● Exercise brief
Please write every entry out again, exactly as it reads below.

● Given data
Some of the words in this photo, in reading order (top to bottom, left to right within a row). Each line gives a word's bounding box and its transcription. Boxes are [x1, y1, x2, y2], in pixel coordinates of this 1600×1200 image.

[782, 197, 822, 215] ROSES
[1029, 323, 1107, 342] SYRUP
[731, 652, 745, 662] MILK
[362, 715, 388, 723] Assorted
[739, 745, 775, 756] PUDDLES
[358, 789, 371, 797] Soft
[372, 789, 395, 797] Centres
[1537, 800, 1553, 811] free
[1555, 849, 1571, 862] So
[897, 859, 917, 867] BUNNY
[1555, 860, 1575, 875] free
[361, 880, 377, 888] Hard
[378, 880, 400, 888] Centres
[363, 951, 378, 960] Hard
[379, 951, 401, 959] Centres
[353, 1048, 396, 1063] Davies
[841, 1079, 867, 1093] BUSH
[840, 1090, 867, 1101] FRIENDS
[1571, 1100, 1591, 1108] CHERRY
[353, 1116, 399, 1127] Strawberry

● The answer
Some of the words in this photo, in reading order (top to bottom, left to right within a row). Each line gives a word's bounding box and its transcription. Boxes are [x1, y1, x2, y2], in pixel coordinates of this 1600×1200 image.

[782, 197, 822, 215] ROSES
[1029, 323, 1107, 342] SYRUP
[731, 652, 745, 662] MILK
[362, 715, 388, 723] Assorted
[739, 745, 775, 756] PUDDLES
[358, 789, 371, 797] Soft
[372, 789, 395, 797] Centres
[1537, 800, 1553, 811] free
[1555, 849, 1571, 862] So
[897, 859, 917, 867] BUNNY
[1555, 860, 1575, 875] free
[361, 880, 377, 888] Hard
[378, 880, 400, 888] Centres
[363, 951, 378, 960] Hard
[379, 951, 401, 959] Centres
[353, 1048, 396, 1063] Davies
[841, 1079, 867, 1093] BUSH
[840, 1090, 867, 1101] FRIENDS
[1571, 1100, 1591, 1108] CHERRY
[353, 1116, 399, 1127] Strawberry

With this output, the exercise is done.